Mi jefe soltó una carcajada larga.
—¿Estás loca? ¿No te acuerdas del contrato que firmaste? Te comprometiste a trabajar de por vida en esto. Nuestra misión es demasiado delicada como para dejarte ir.
Cuando llegué a mi casa leí por primera vez mi copia del contrato. Era verdad. Decía que yo trabajaría para siempre con Phil y que si algo me pasaba, él no sería responsable. Estaba redactado del mismo modo que los documentos que probaban el fin del mundo: quien lo leyera sabría que yo era, de hecho, propiedad de Phil, y no lo dudaría nunca. Yo no lo dudaba. Era una pesadilla.
Pasé los siguientes días haciendo llamadas telefónicas como sonámbula. Casi lograba las trescientas diarias.

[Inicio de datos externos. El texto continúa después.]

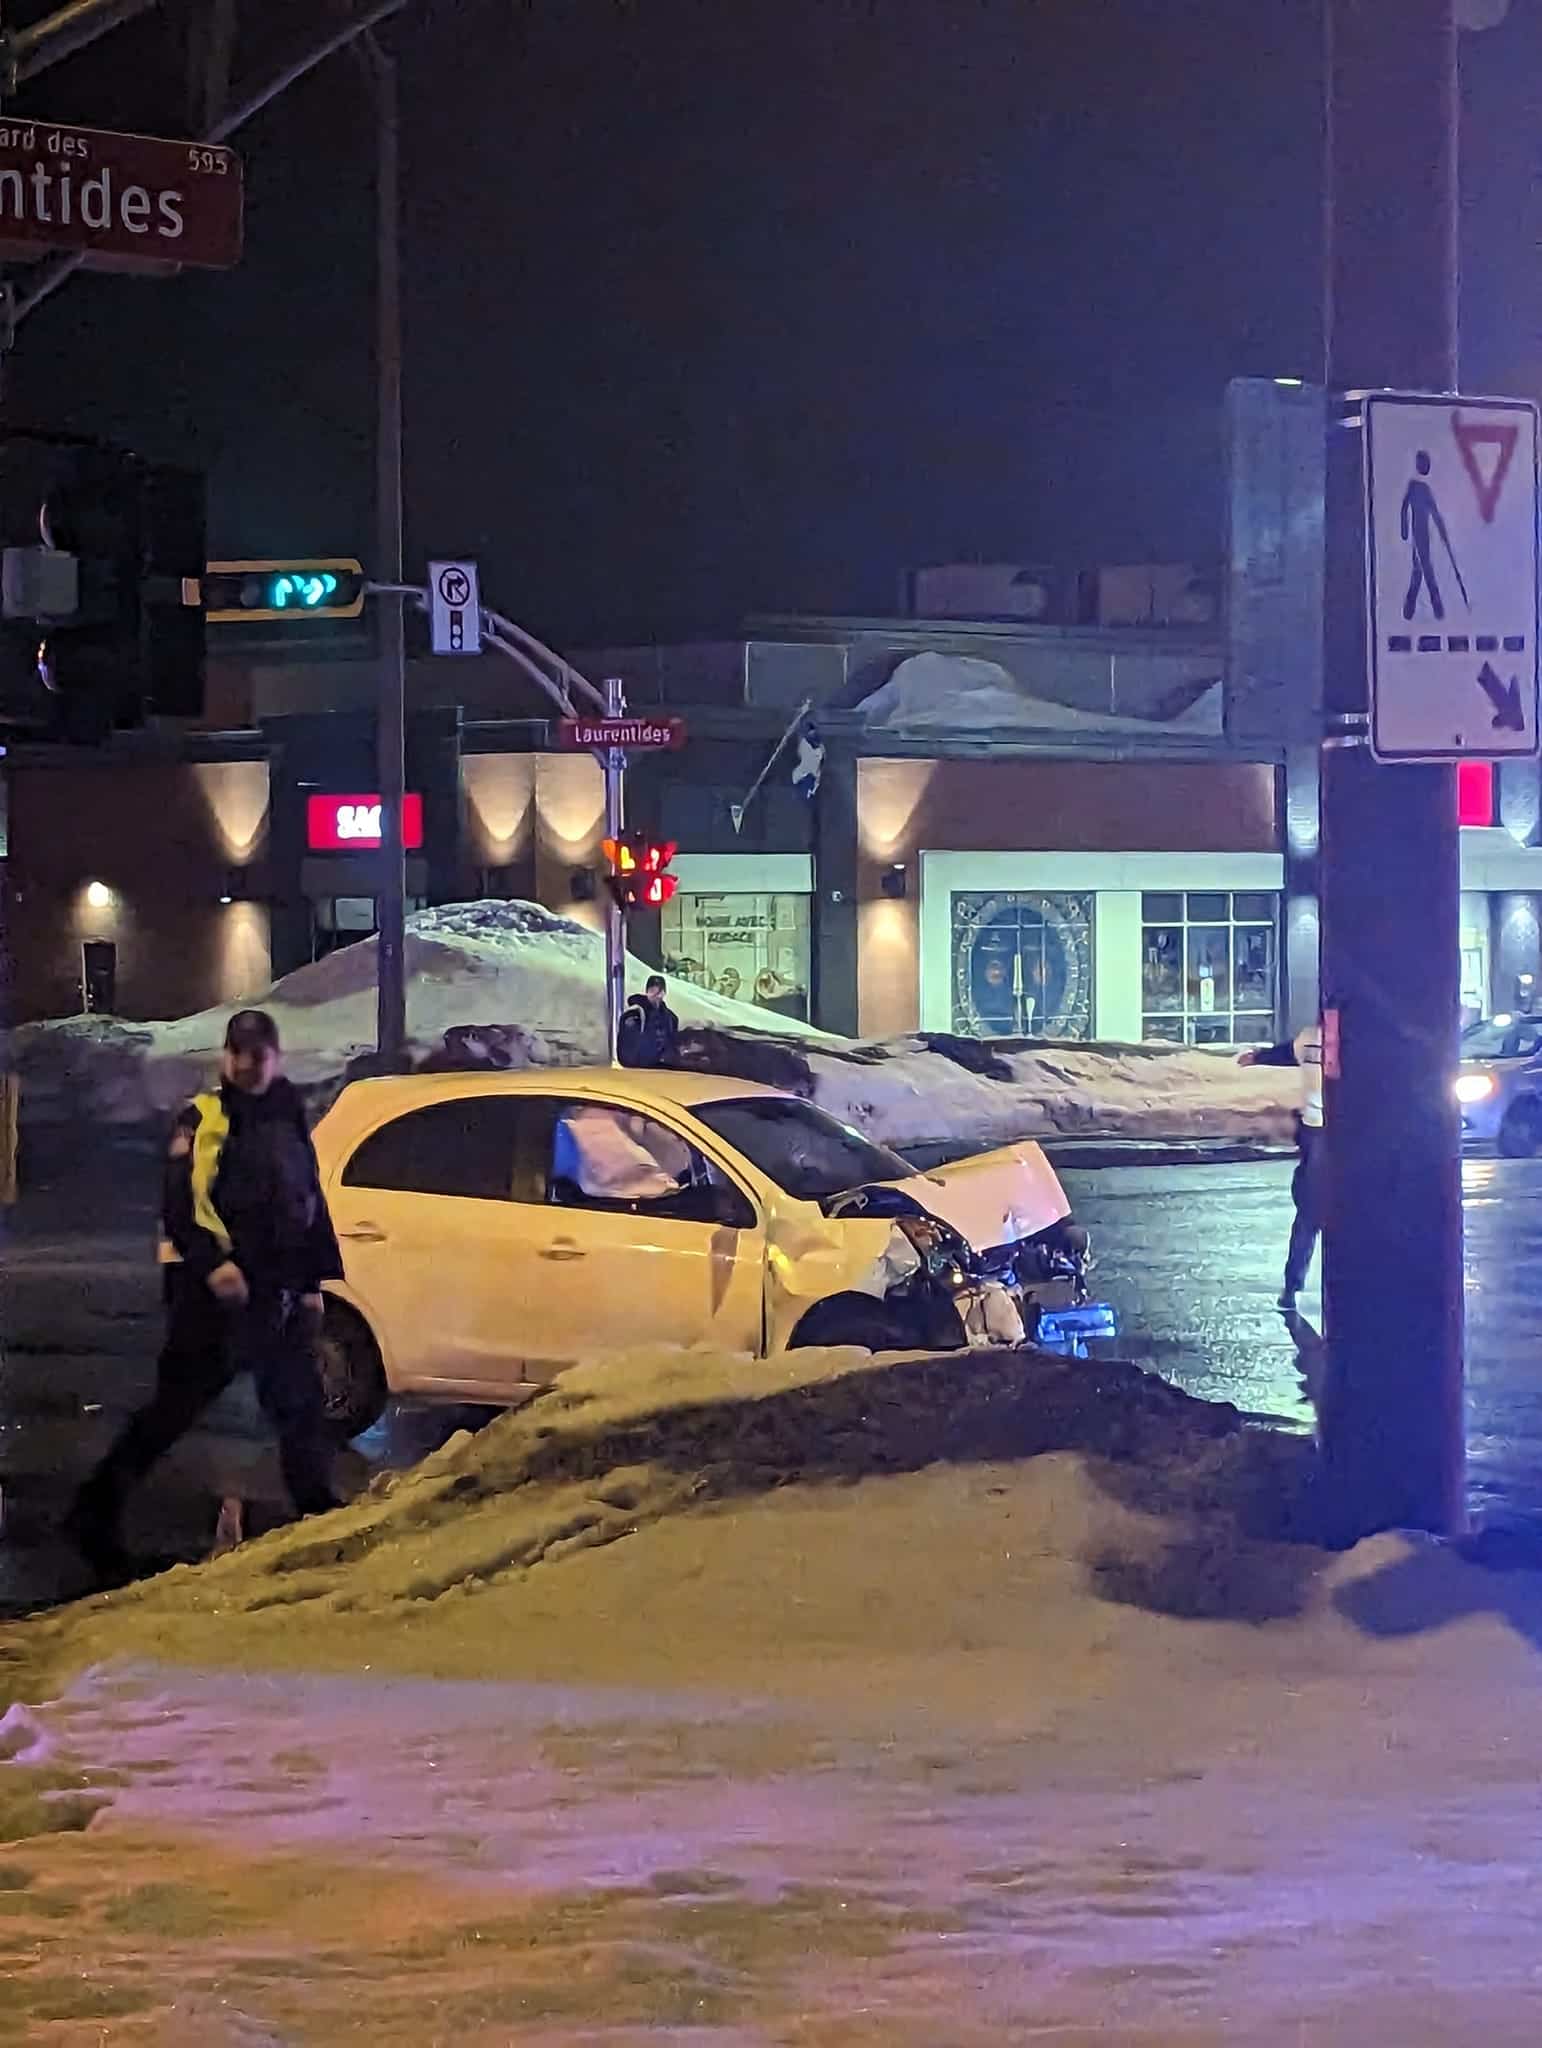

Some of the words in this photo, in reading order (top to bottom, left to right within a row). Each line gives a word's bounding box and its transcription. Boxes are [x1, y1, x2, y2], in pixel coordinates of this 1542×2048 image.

Cuando llegaba a casa sólo quería dormir, pero al acostarme se me espantaba el sueño y pasaba horas mirando el techo, pensando en qué nuevos arranques habría que aguantarle a Phil al día siguiente. Mis ojeras ya eran imposibles de disfrazar con maquillaje.
La noche antes de la reunión, Phil me llamó a su privado.

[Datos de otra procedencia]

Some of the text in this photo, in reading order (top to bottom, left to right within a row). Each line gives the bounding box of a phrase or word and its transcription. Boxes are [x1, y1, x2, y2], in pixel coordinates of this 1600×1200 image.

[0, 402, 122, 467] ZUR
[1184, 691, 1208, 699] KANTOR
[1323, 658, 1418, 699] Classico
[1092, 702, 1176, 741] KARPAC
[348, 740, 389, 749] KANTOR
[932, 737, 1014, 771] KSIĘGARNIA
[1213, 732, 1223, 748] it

—Querida, estamos a punto de hacer historia. Mañana a las cinco de la mañana crearemos una nube energética a través de la mente colectiva de todos los invitados. A las diez de la mañana seremos héroes. Te acabo de mandar un correo con nuestros contactos de prensa, para que en cuanto termine la reunión les llames y programes entrevistas…
Yo ya estaba decidida. Hacía días que había armado mi plan, y también era perfecto. Asentí como si me encantara la idea y le serví un último café. Se lo tomó sin darse cuenta del refractil ofteno que vertí en la taza antes de dársela.

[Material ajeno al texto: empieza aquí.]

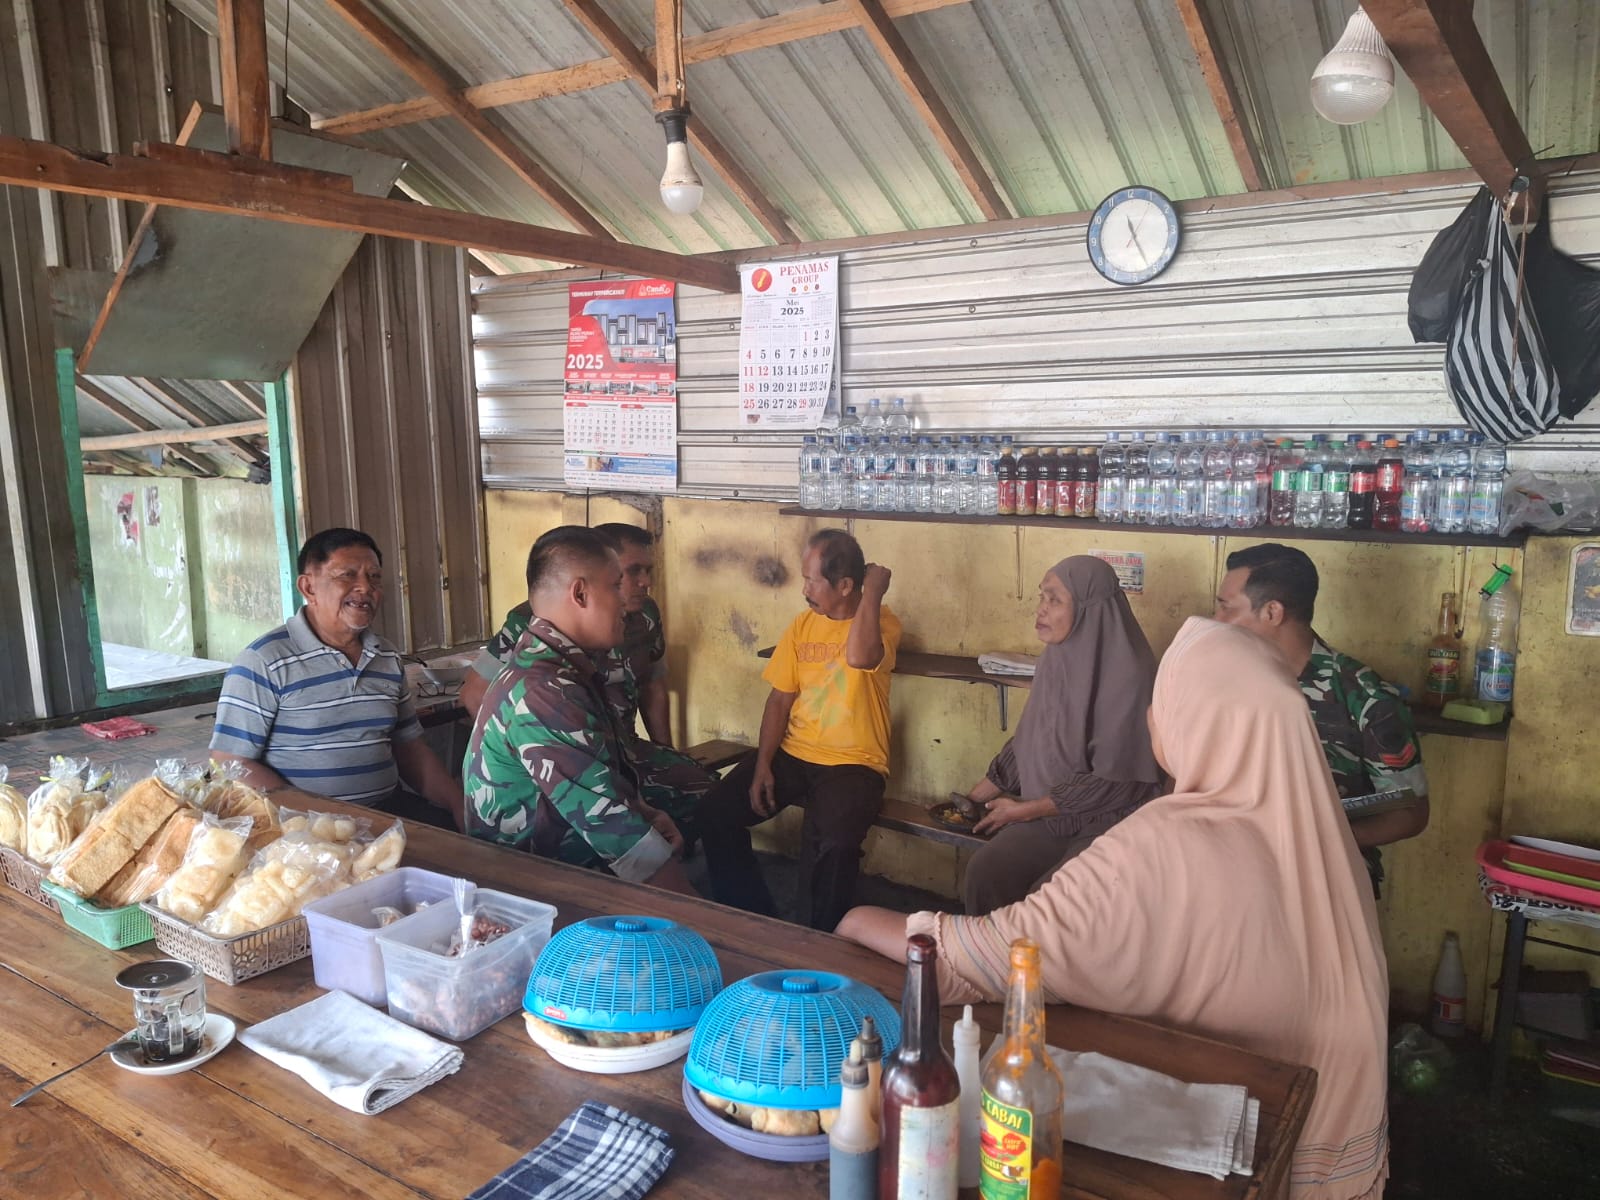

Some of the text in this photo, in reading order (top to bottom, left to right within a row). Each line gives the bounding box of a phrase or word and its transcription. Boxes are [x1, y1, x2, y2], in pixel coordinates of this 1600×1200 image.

[780, 261, 829, 276] PENAMAS
[792, 275, 819, 285] GROUP
[781, 307, 804, 315] 2025
[804, 329, 830, 341] 1 2 3
[746, 347, 830, 359] 4 5 6 7 8 9 10
[567, 354, 604, 370] 2025
[744, 363, 828, 376] 11 12 13 14 15 16 17
[744, 381, 827, 392] 18 19 20 21 22 23 24
[743, 398, 825, 408] 25 26 27 28 29 30 31
[986, 1100, 1022, 1129] CABAI

Mientras él se quedaba dormido, tomé su celular, salí de su privado y cerré por fuera con doble llave. Bajé el switch de la electricidad y abandoné la oficina. También cerré la puerta de afuera con doble llave. No había forma de que él pudiera salir para estar a tiempo en la reunión, incluso si despertaba antes de lo previsto. Tiré el teléfono de Phil en un basurero afuera del metro. Luego fui al lugar que había conseguido para la reunión y pegué en las puertas los carteles que imprimí temprano en la oficina: HUBO UN ERROR EN LOS CÁLCULOS: SE POSPONE LA REUNIÓN.
Ya que estuve lejos de ahí le llamé a Toño. Fuimos a un centro comercial, me compré un vestido de marca y unos zapatos cucos. Luego nos metimos al cine y lo invité a cenar en nuestro restaurante favorito. De ahí nos fuimos a su departamento. Reímos, vimos tele, hicimos el amor. Me quedé dormida en sus brazos.